Richard Sennett dines at The Table

issue 05 April 2008

‘No buffalo-thyme pizza?’ The grazing grounds around Naples are poisoned, grounds on which herds of water buffalo feed to produce Italy’s most delicate cheese. This ecological disaster has had a knock-on effect even here in Texas, where a rather-too-elegant youth and I are taking a snack break from the rigours of the Obama campaign. Sales of buffalo mozzarella in Italy are down 30 per cent to 40 per cent, South Korea bans its import and high-class eateries like the one we are in no longer serve it.

The mere fact that a political operative could ask for buffalo-thyme pizza signals an earthquake of sorts in American life. When I began writing speeches for Democratic candidates in the 1960s, politics literally smelled: a fog of cigarette smoke and the reek of half-eaten cheeseburgers impregnated the air of offices in which we toiled.
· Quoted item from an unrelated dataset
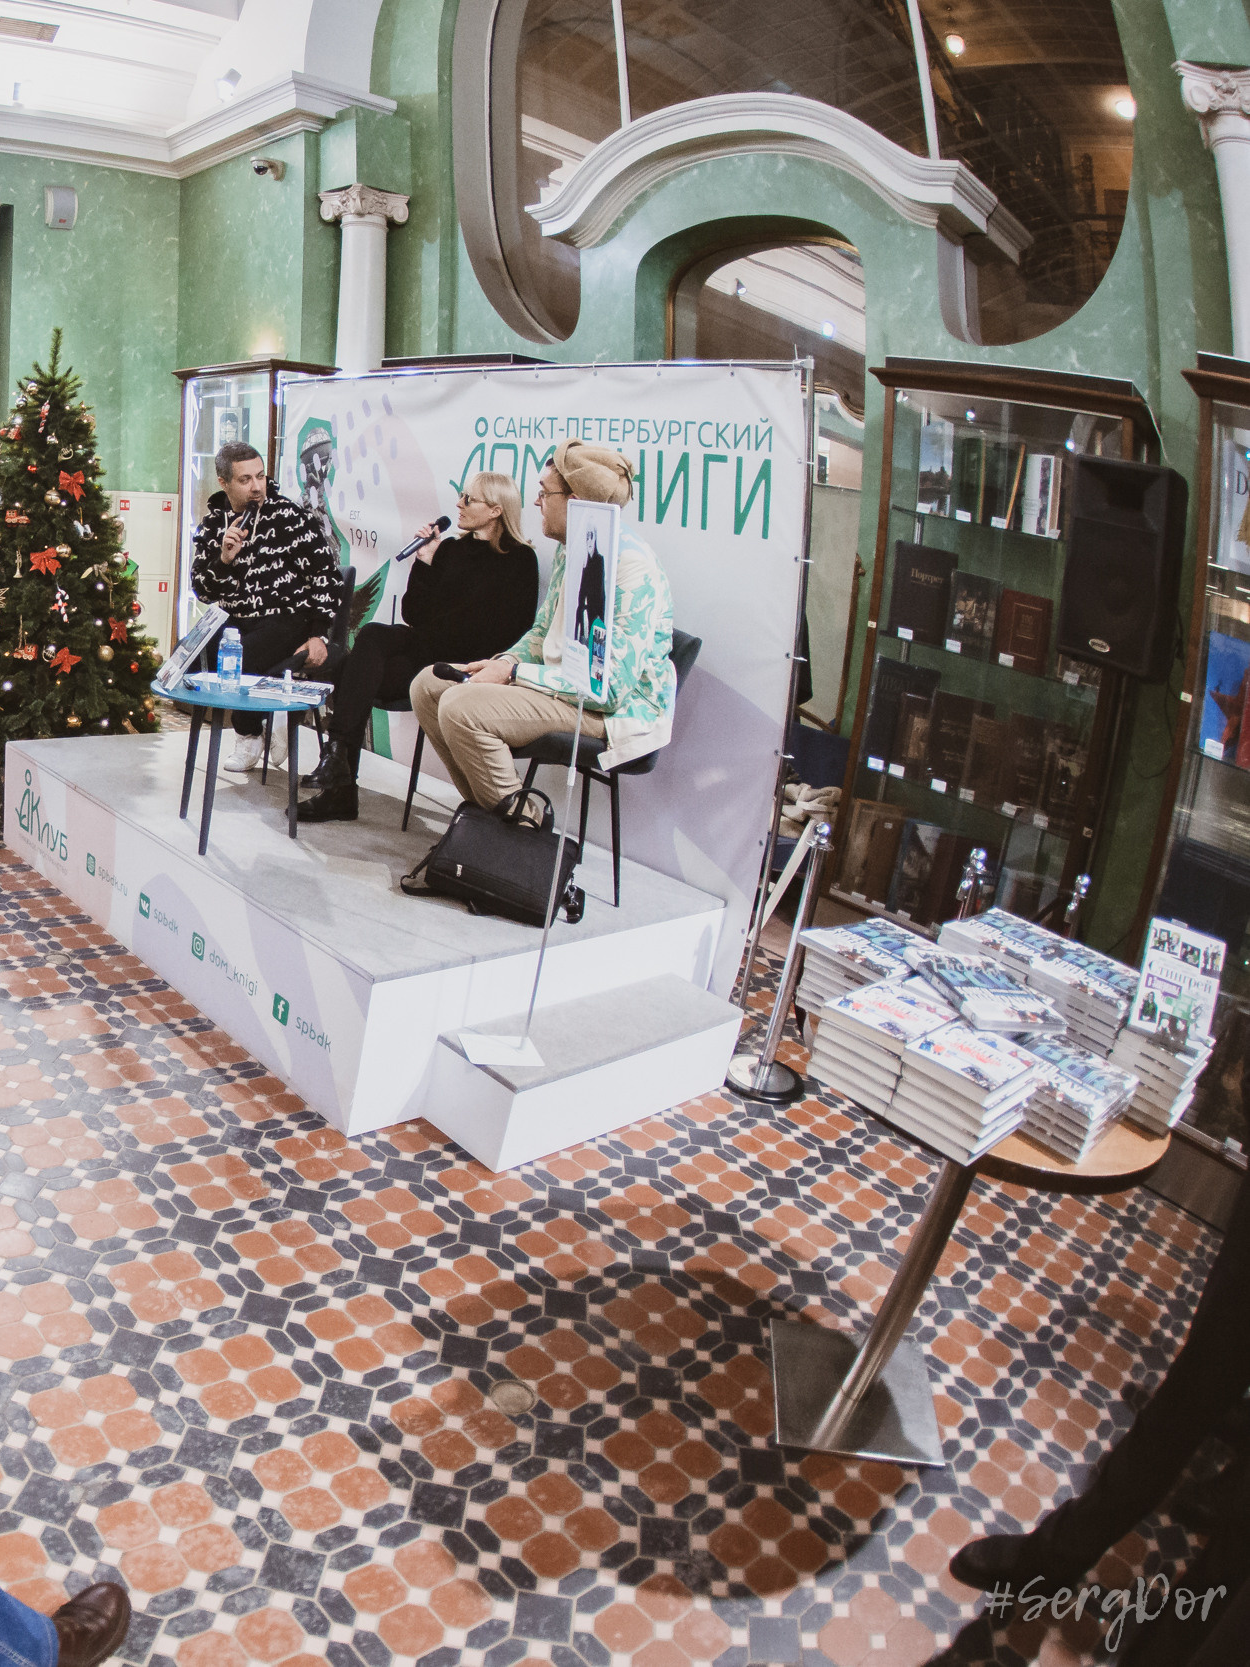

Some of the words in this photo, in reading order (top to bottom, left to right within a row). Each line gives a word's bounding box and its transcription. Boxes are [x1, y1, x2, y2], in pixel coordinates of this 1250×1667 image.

Your standard Democratic party pol had a union card and drank beer rather than wine. Today the office smoke has been cleared by law, an army of budding young politicos virtuously order healthy salads at their desks, and the more sophisticated among them have cultivated a taste for foreign cheese. The Age of Champagne Socialism has finally arrived — or at least I hope so; Obama’s younger brothers and sisters are on the whole a decent lot.

Politics of a more traditional, and truly stinking, sort has caused the bufala crisis back in Italy. The collection of garbage in Naples is controlled by Camorra criminal gangs who pick it up infrequently and dump it illegally when they bother; dioxin from these mountains of refuse has seeped into the soil around Naples, where the best buffalo cheese is made. What is poison to buffaloes is also poisonous to cows, and the fear is that more ordinary mozzarellas are also infected.